TASK DIRECTIONS :: Write the records below out again exactly as given, with no images.

Text-to-region grounding data ::
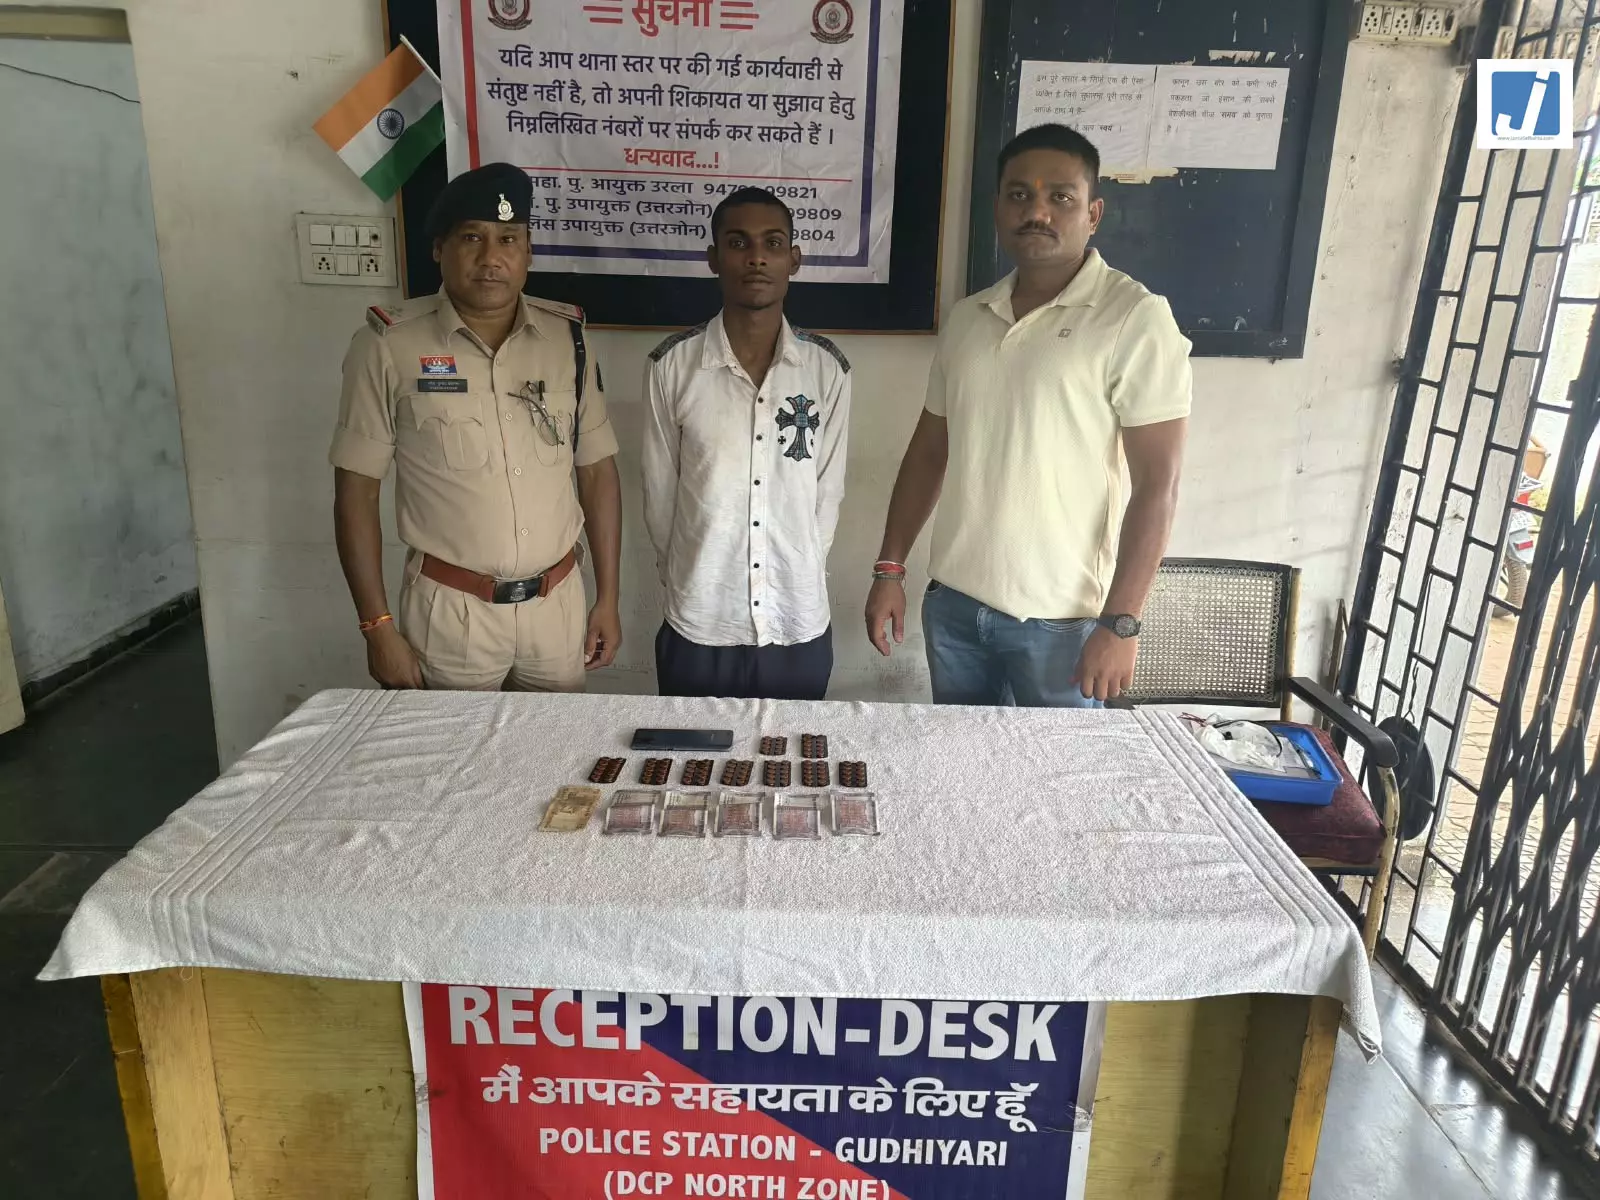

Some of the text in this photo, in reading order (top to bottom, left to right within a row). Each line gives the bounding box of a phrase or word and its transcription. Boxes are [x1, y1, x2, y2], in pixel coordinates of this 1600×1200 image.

[498, 44, 843, 81] यदि आप थाना स्तर पर की गई कार्यवाही से
[486, 78, 856, 120] संतुष्ट नहीं है, तो अपनी शिकायत या सुझाव हेतु
[506, 110, 598, 135] निम्नलिखित
[602, 115, 643, 137] नंबरों
[648, 122, 671, 139] पर
[675, 118, 721, 140] संपर्क
[725, 124, 753, 141] कर
[757, 121, 803, 143] सकते
[808, 121, 822, 145] हैं
[624, 148, 719, 169] धन्यवाद...!
[567, 177, 585, 193] पु.
[591, 178, 646, 195] आयुक्त
[651, 180, 693, 194] उरला
[544, 198, 562, 213] पु.
[567, 198, 631, 215] उपायुक्त
[636, 200, 713, 219] (उत्तरजोन)
[561, 219, 625, 237] उपायुक्त
[629, 220, 707, 239] (उत्तरजोन)
[449, 986, 1060, 1061] RECEPTION-DESK
[528, 1071, 665, 1106] आपके
[670, 1083, 843, 1114] सहायता
[848, 1077, 897, 1113] के
[902, 1077, 990, 1118] लिए
[539, 1127, 651, 1156] POLICE
[662, 1130, 795, 1161] STATION
[835, 1137, 1008, 1167] GUDHIYARI
[603, 1170, 890, 1200] (DCP NORTH ZONE)
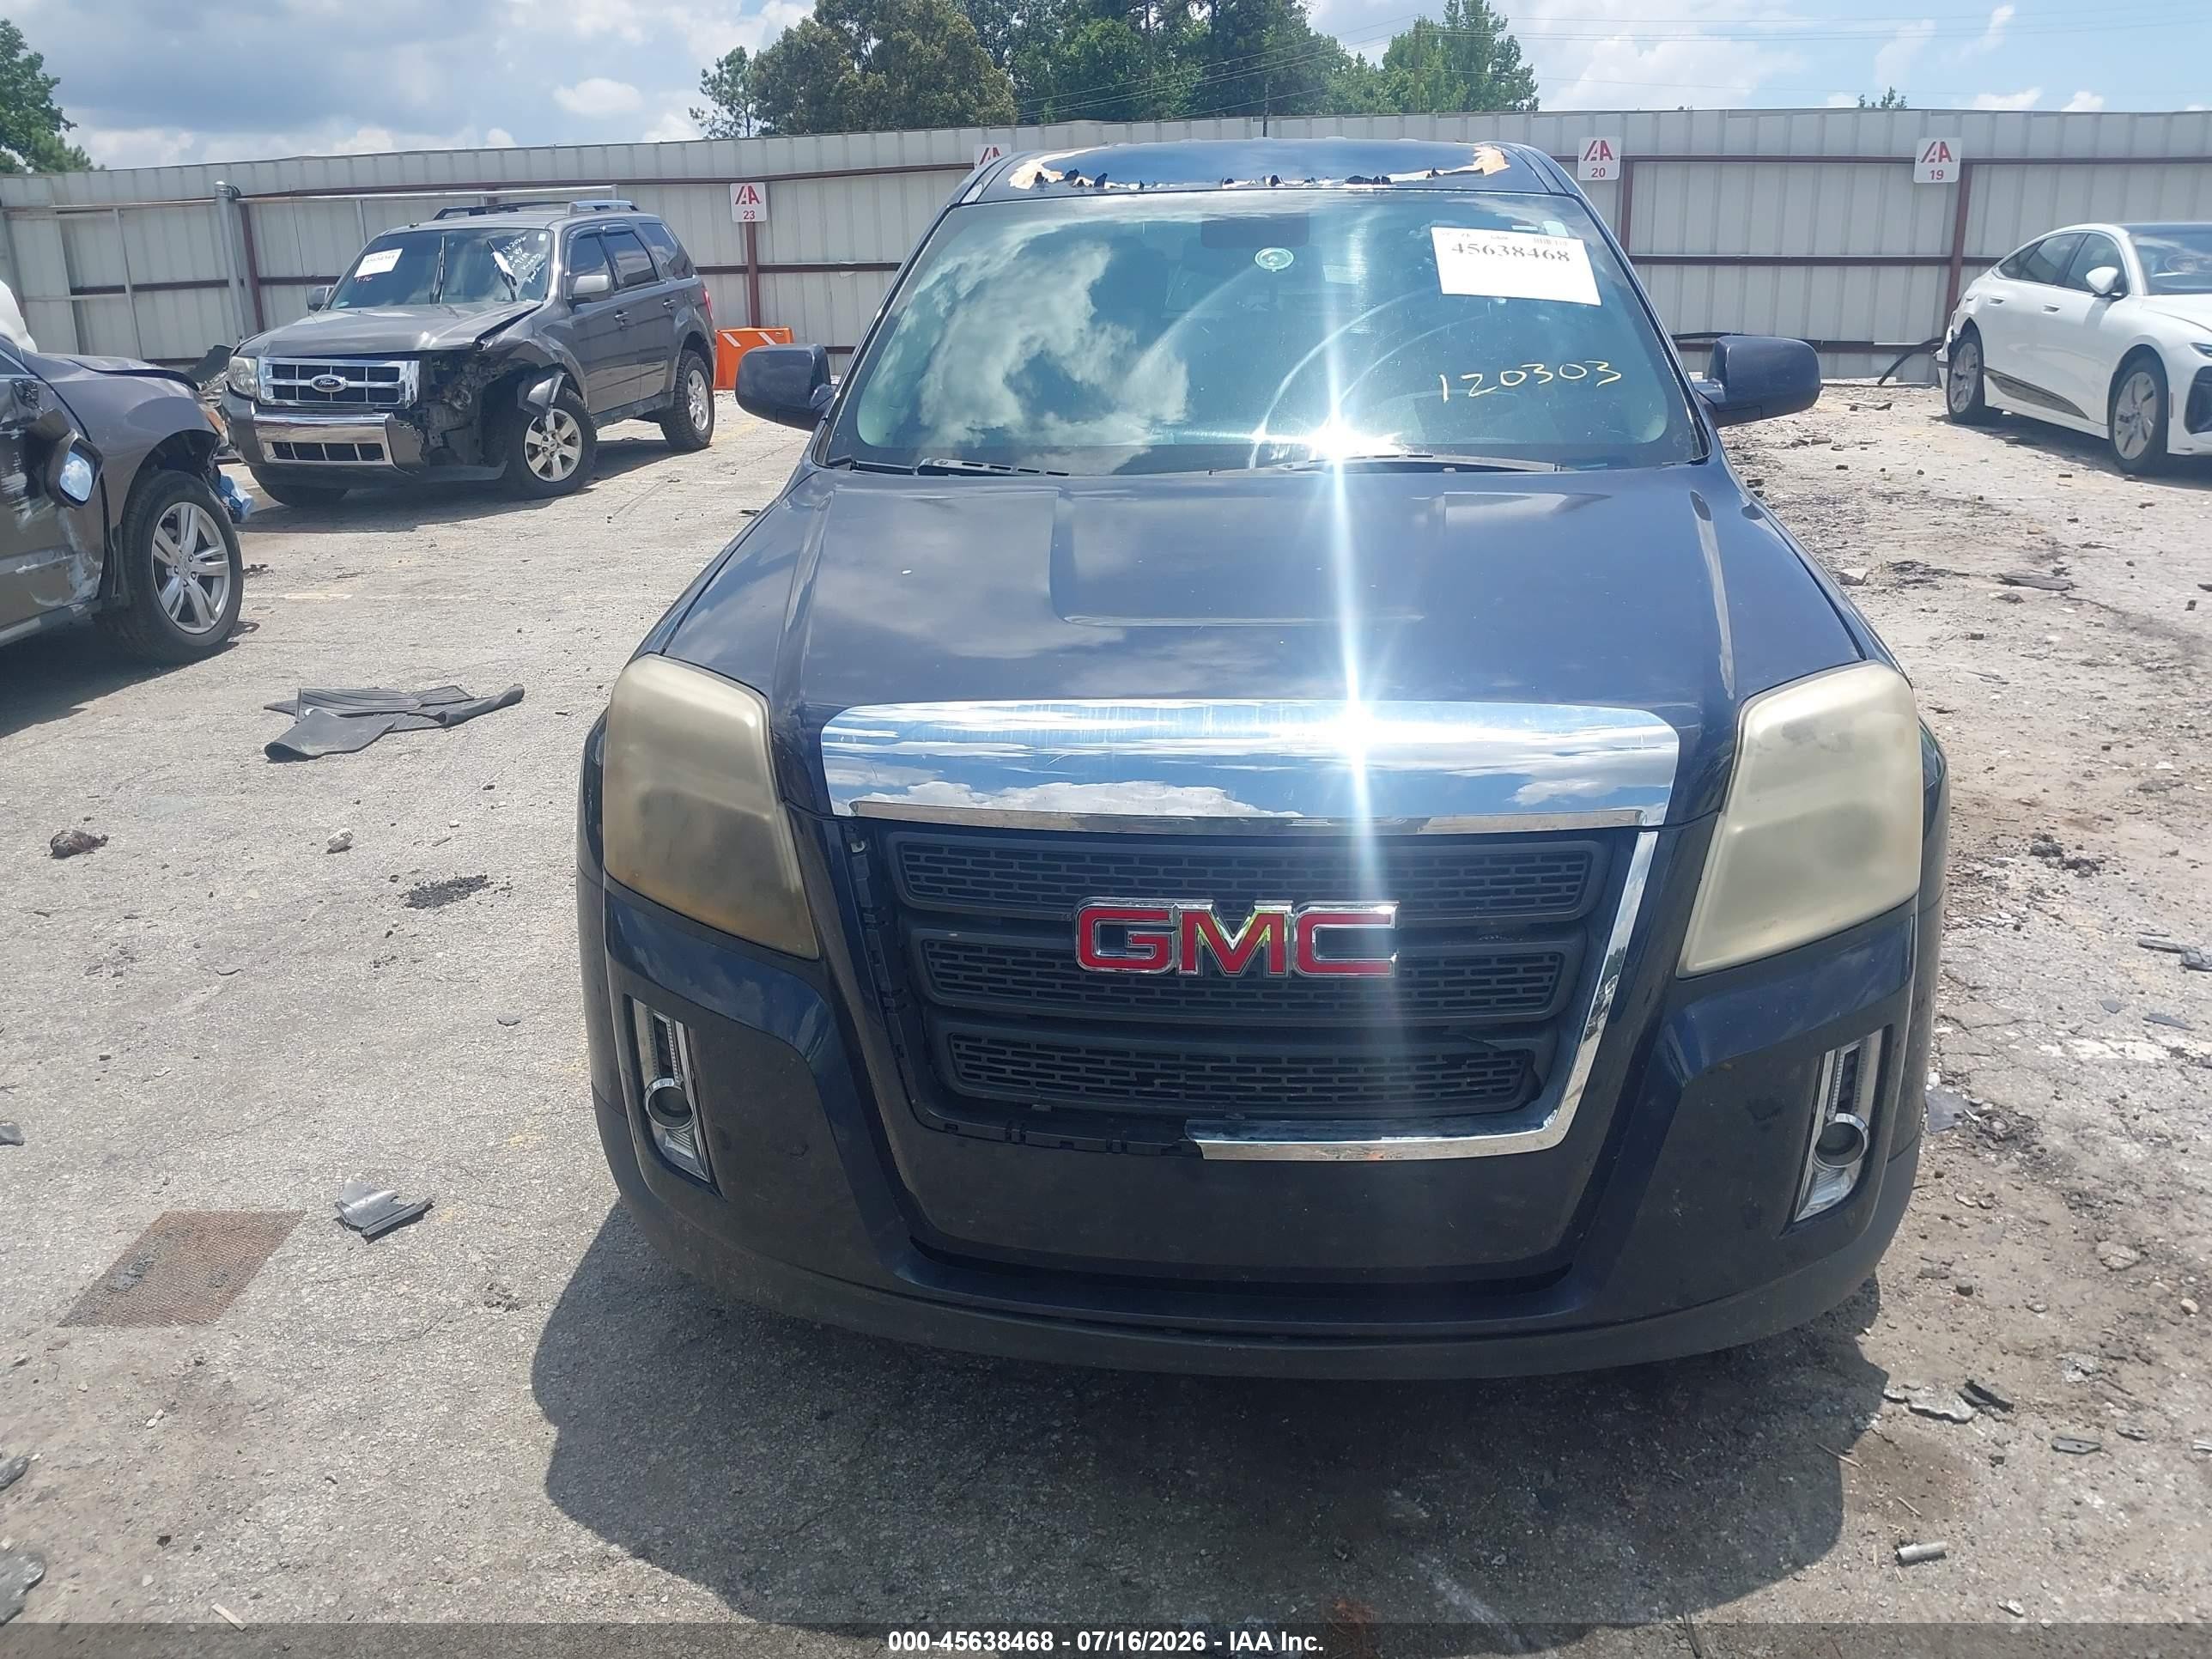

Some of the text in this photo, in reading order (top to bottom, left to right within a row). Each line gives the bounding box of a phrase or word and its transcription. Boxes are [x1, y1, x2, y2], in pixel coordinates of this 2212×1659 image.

OUTPUT ::
Some of the text in this photo, in reading order (top to bottom, left to right within a row). Each line gives the bounding box of a phrase or word and its transcription. Boxes are [x1, y1, x2, y2], in pixel coordinates of this 1600×1200 image.

[498, 44, 843, 81] यदि आप थाना स्तर पर की गई कार्यवाही से
[486, 78, 856, 120] संतुष्ट नहीं है, तो अपनी शिकायत या सुझाव हेतु
[506, 110, 598, 135] निम्नलिखित
[602, 115, 643, 137] नंबरों
[648, 122, 671, 139] पर
[675, 118, 721, 140] संपर्क
[725, 124, 753, 141] कर
[757, 121, 803, 143] सकते
[808, 121, 822, 145] हैं
[624, 148, 719, 169] धन्यवाद...!
[567, 177, 585, 193] पु.
[591, 178, 646, 195] आयुक्त
[651, 180, 693, 194] उरला
[544, 198, 562, 213] पु.
[567, 198, 631, 215] उपायुक्त
[636, 200, 713, 219] (उत्तरजोन)
[561, 219, 625, 237] उपायुक्त
[629, 220, 707, 239] (उत्तरजोन)
[449, 986, 1060, 1061] RECEPTION-DESK
[528, 1071, 665, 1106] आपके
[670, 1083, 843, 1114] सहायता
[848, 1077, 897, 1113] के
[902, 1077, 990, 1118] लिए
[539, 1127, 651, 1156] POLICE
[662, 1130, 795, 1161] STATION
[835, 1137, 1008, 1167] GUDHIYARI
[603, 1170, 890, 1200] (DCP NORTH ZONE)

Some of the text in this photo, in reading order (top to bottom, left to right within a row). Each line gives the bounding box of a phrase or word and its transcription. Boxes are [x1, y1, x2, y2], in pixel coordinates of this 2212×1659 image.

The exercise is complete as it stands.